Iron disorder is one of the important causes of liver damage1,2. The liver contributes to the maintenance of iron homeostasis through two major mechanisms: 1) iron storage, and 2) secretion of the regulatory hormone hepcidin. Dietary iron is absorbed by intestinal epithelium and then transported into circulation through the actions of ferroportin. Absorbed iron is quickly bound to iron-binding protein, transferrin. Transferrin-bound iron is delivered to erythroid precursor cells and other body cells. Another important source of iron is iron recycling from senescent erythrocytes by macrophages. Excess plasma iron will be stored in hepatocytes in the form of ferritin.
Liver-derived hepcidin is the central regulatory hormone controlling iron absorption from the small intestine and iron recycling from senescent erythrocytes. Hepcidin can trigger the internalization of iron export protein ferroportin to block iron release from small intestine, macrophages and other body cells3. Mutations in genes involved in the hepcidin regulation will cause hemochromatosis in humans4, resulting in dysregulated dietary iron absorption and iron accumulation in liver, pancreas, heart and other organs. Iron overload may progress to liver fibrosis, cirrhosis, and hepatocellular carcinoma5. As a result, there is an elevation of serum transaminases in most hemochromatosis patients6 and in mouse models of iron-induced liver injury7.
In addition, abnormal iron homeostasis and hepcidin dysregulation are the common features in many liver diseases. For example, increasing evidences suggest that the suppression of hepcidin in chronic hepatitis C patients aggravates the iron burden, which exacerbates liver injury8,9,10,11. Hepcidin expression has also been reported to be even more suppressed in hepatocellular carcinoma patients than in those with chronic hepatitis12. To understand the relationship between hepcidin and liver function parameters, we analyzed serum hepcidin concentrations in a cohort consisting of 1813 individuals13 and another independent cohort consisting of 1642 individuals.
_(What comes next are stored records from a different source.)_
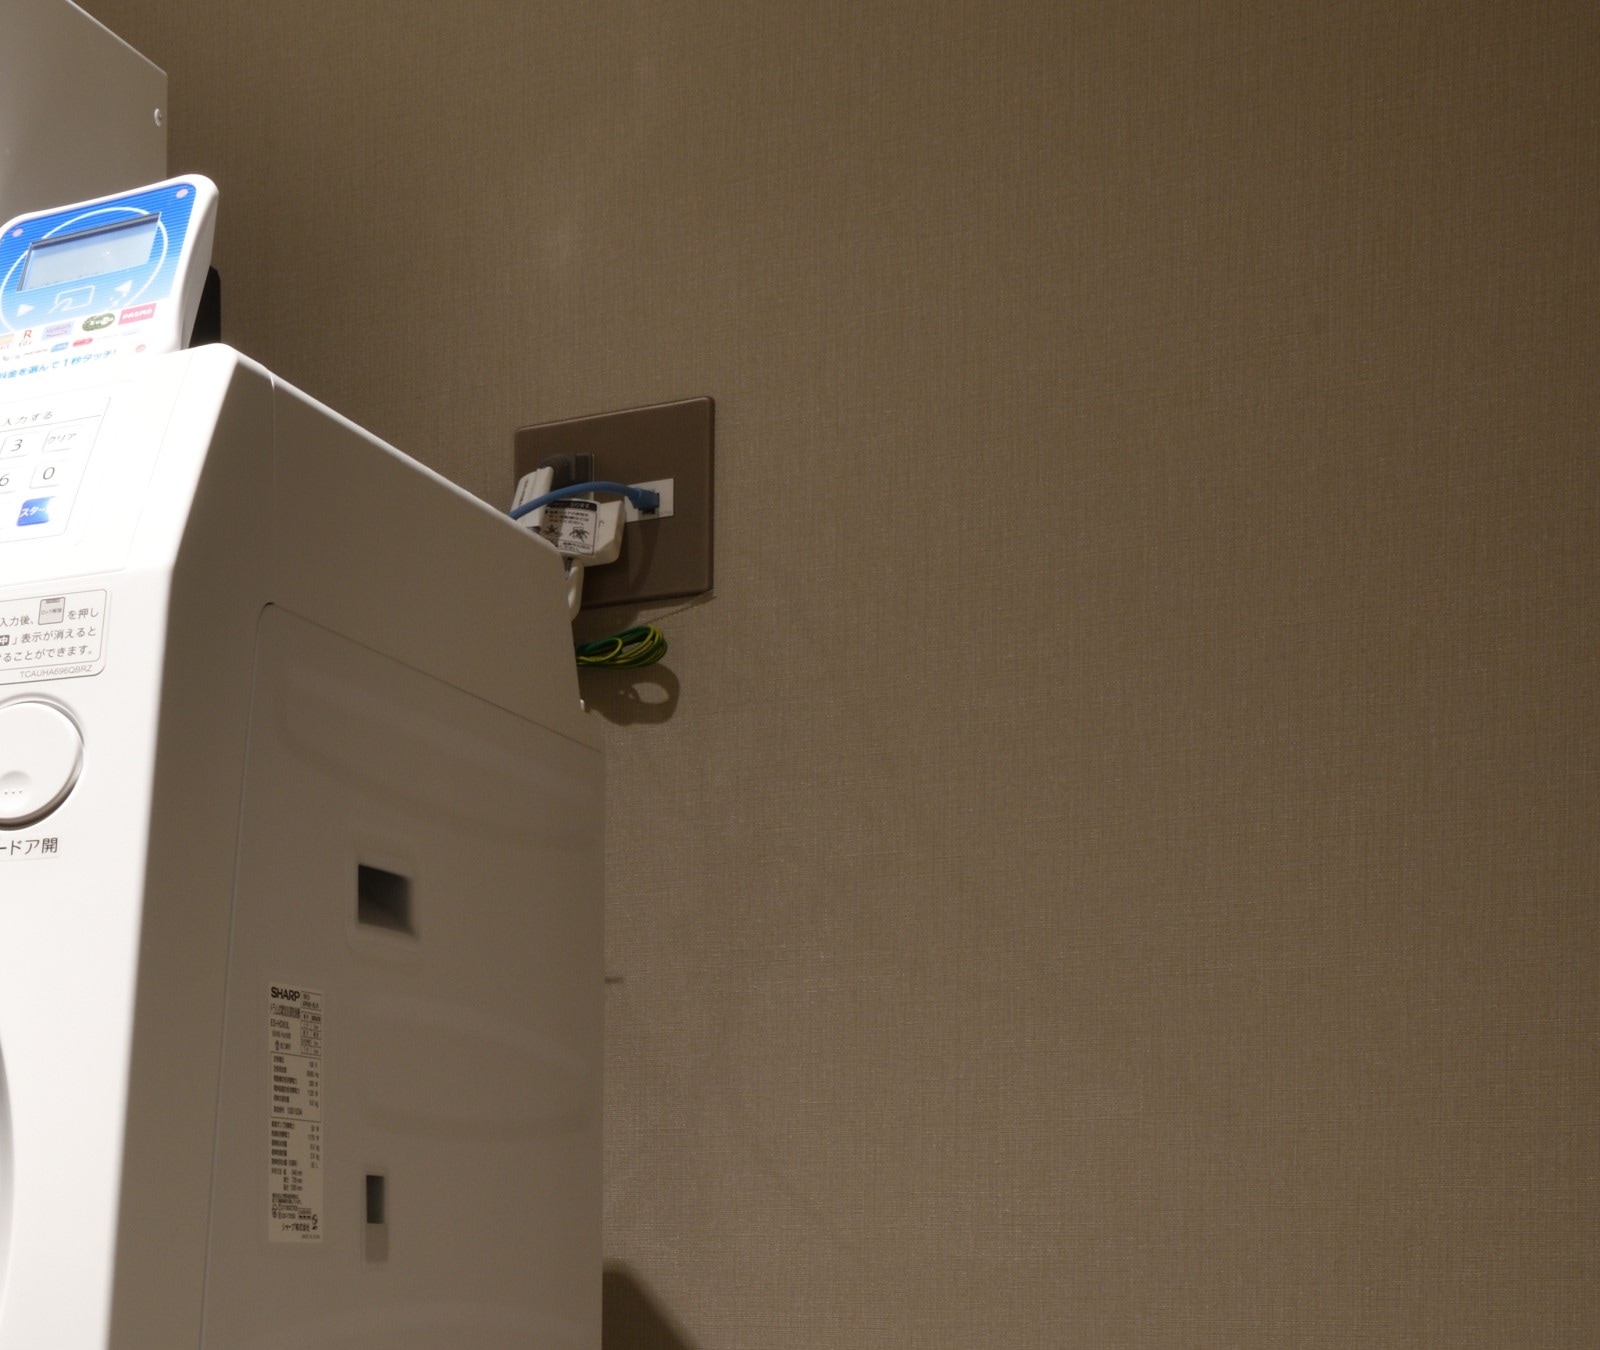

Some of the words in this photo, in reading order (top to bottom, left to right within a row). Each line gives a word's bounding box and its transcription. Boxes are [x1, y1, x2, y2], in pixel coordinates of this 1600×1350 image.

[11, 439, 23, 451] 3
[43, 467, 55, 480] 0
[68, 607, 99, 619] を押し
[271, 986, 300, 1001] SHARP
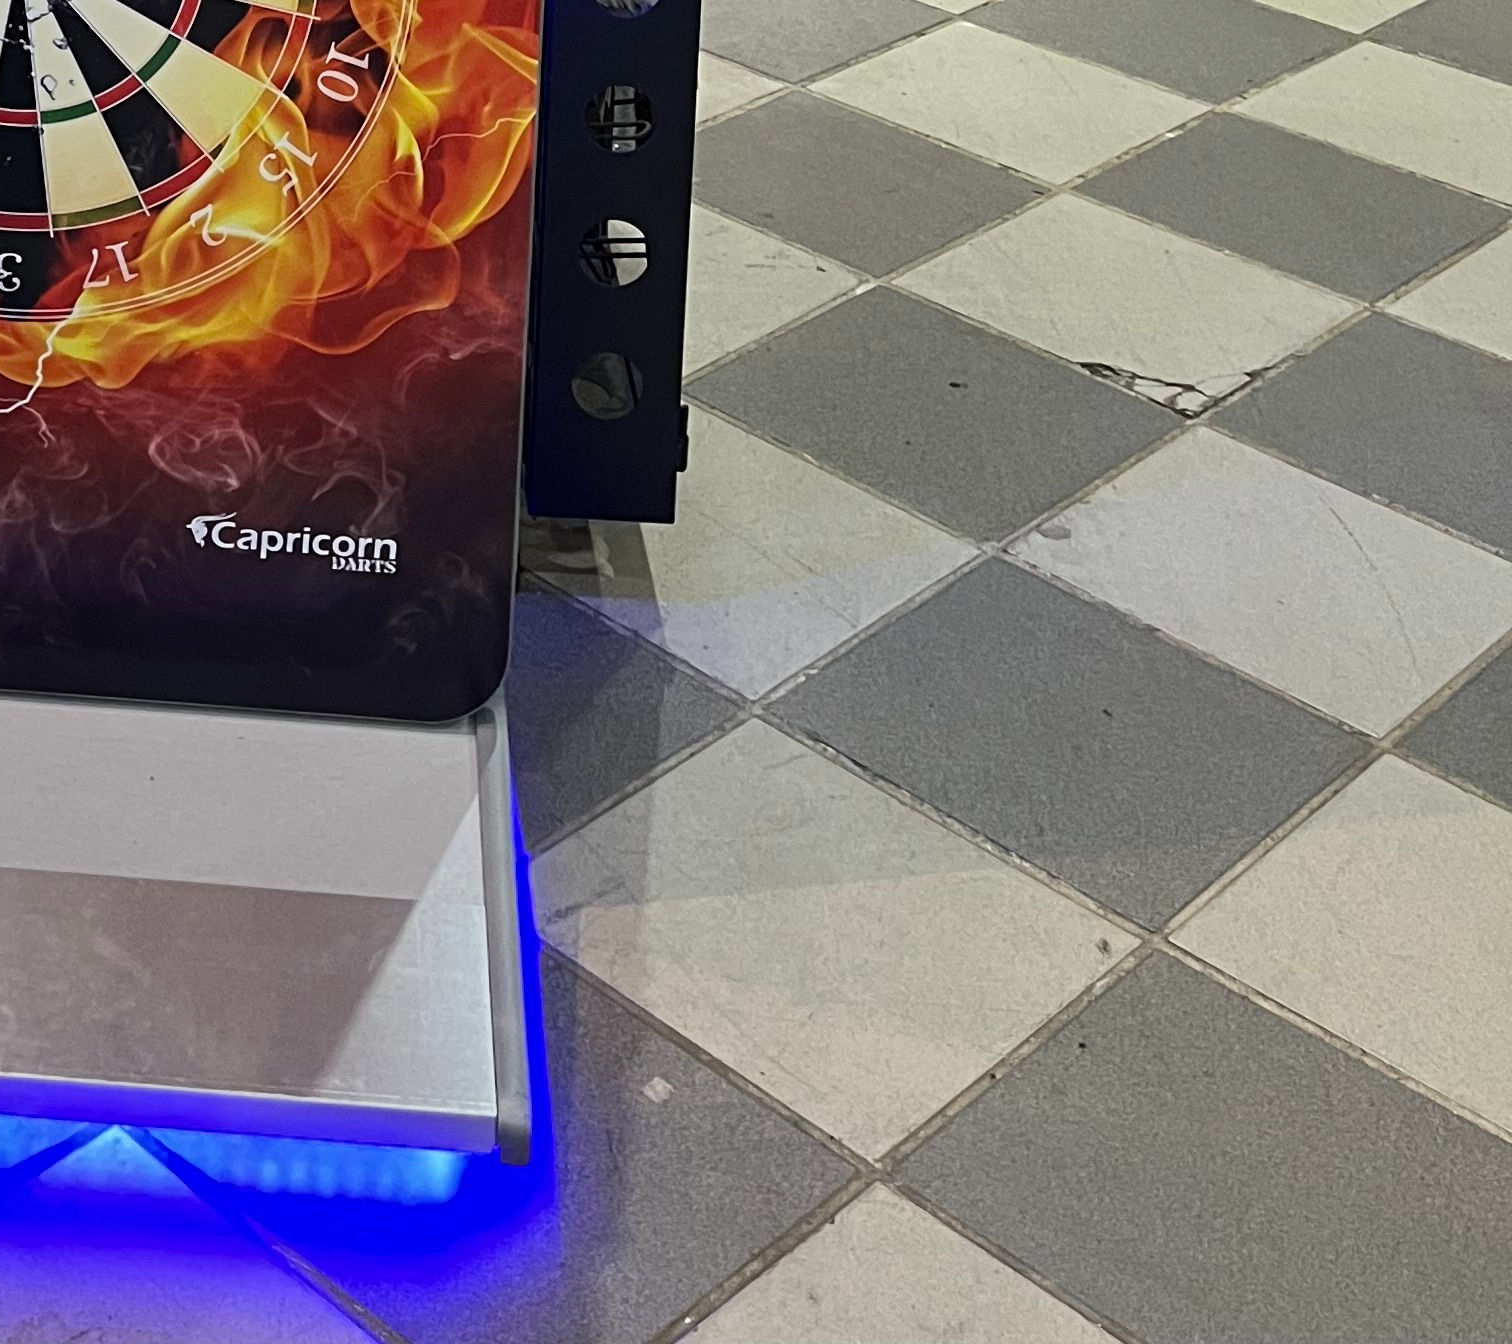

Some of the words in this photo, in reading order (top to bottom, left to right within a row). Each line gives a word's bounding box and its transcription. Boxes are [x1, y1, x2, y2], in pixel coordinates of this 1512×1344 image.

Participants in Corhort 1 and Cohort 2 in this study were recruited from Shanghai, China. This study is a cross-sectional study using the baseline data from two cohorts. The samples of Cohort 1 were selected from our previous study13, including 1813 individuals recruited in 2006. Cohort 2 was another independent cohort including 1642 individuals recruited from Shanghai in 2008. Same enrollment criteria have been applied in Cohort 2. Subjects were eligible for enrollment if: 1) they were stable residents for at least 20 years in the area; 2) they were free of severe psychological disorders, physical disabilities, or cancer and had no history of stroke, coronary heart disease, Alzheimer’s disease, or dementia; and 3) they had not been currently diagnosed with tuberculosis or other communicable diseases. Home interviews were conducted by trained physicians or public health workers from the Pudong, Baoshan and Jinshan Centers for Disease Control and Prevention and community hospitals. For all individuals, height, weight, hip and waist circumference, and blood pressure were measured by trained medical professionals using a standardized protocol. Fasting blood specimens were collected using vacuum negative pressure tubes. Each serum was divided into several individual tubes and all the samples were stored at −80 °C. We provided basic features of the population samples in Table 1. This study was in accordance with the ethical guidelines of the Declaration of Helsinki. Informed consent was obtained from all study subjects and the ethics committee of the Shanghai Institute for Biological Sciences approved this study.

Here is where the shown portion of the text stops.